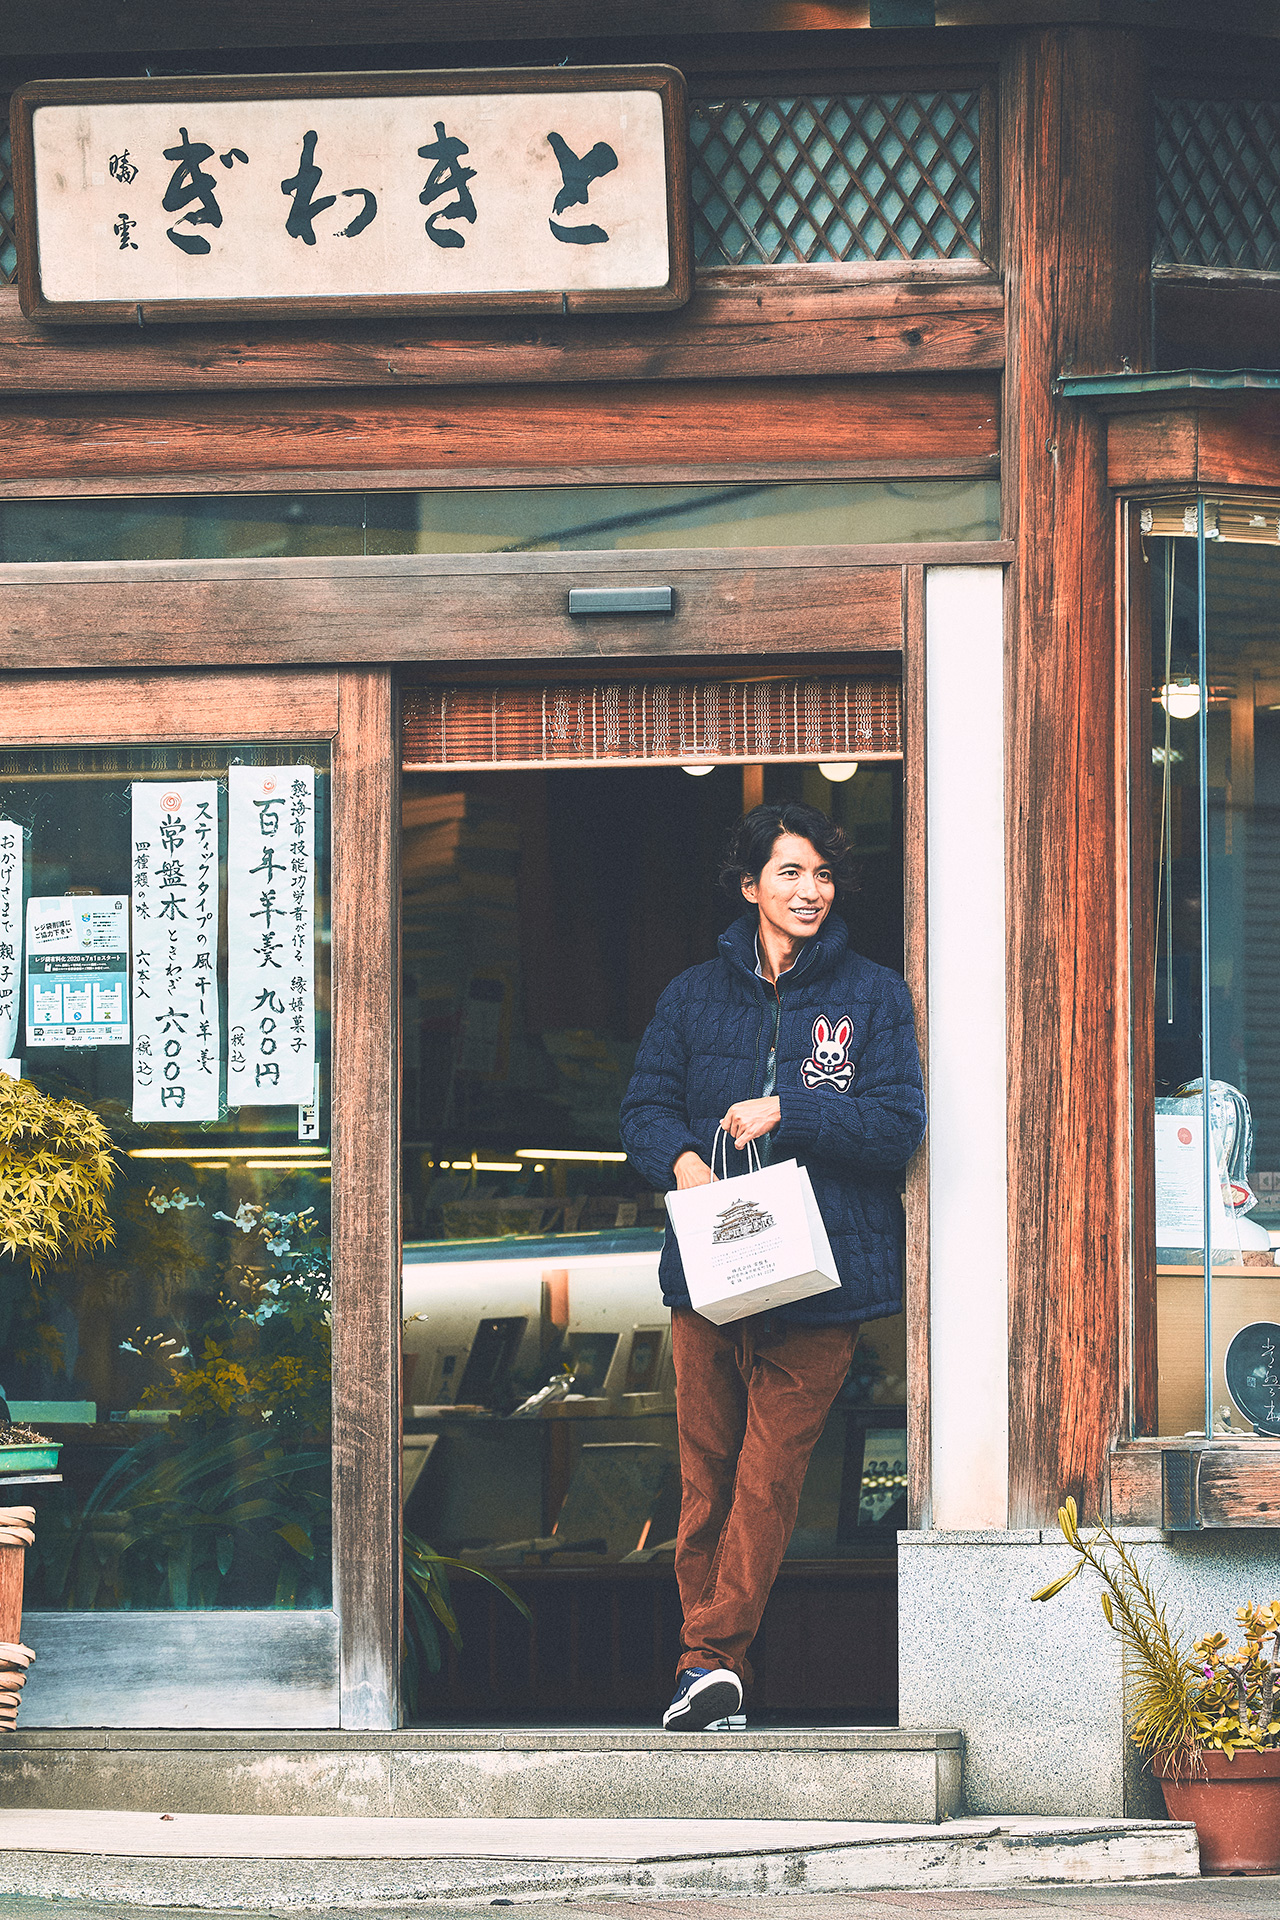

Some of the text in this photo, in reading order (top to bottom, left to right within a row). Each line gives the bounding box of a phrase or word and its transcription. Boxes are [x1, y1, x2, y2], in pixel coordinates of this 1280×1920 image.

[162, 121, 618, 255] ときわぎ
[155, 813, 189, 921] 常盤木
[249, 798, 287, 968] 百年羊羹
[165, 929, 183, 996] ときわぎ

________

Required work: Please set down the whole listing above exactly and skip every picture.

Answer to this problem:
Some of the text in this photo, in reading order (top to bottom, left to right within a row). Each line gives the bounding box of a phrase or word and its transcription. Boxes are [x1, y1, x2, y2], in pixel coordinates of this 1280×1920 image.

[162, 121, 618, 255] ときわぎ
[155, 813, 189, 921] 常盤木
[249, 798, 287, 968] 百年羊羹
[165, 929, 183, 996] ときわぎ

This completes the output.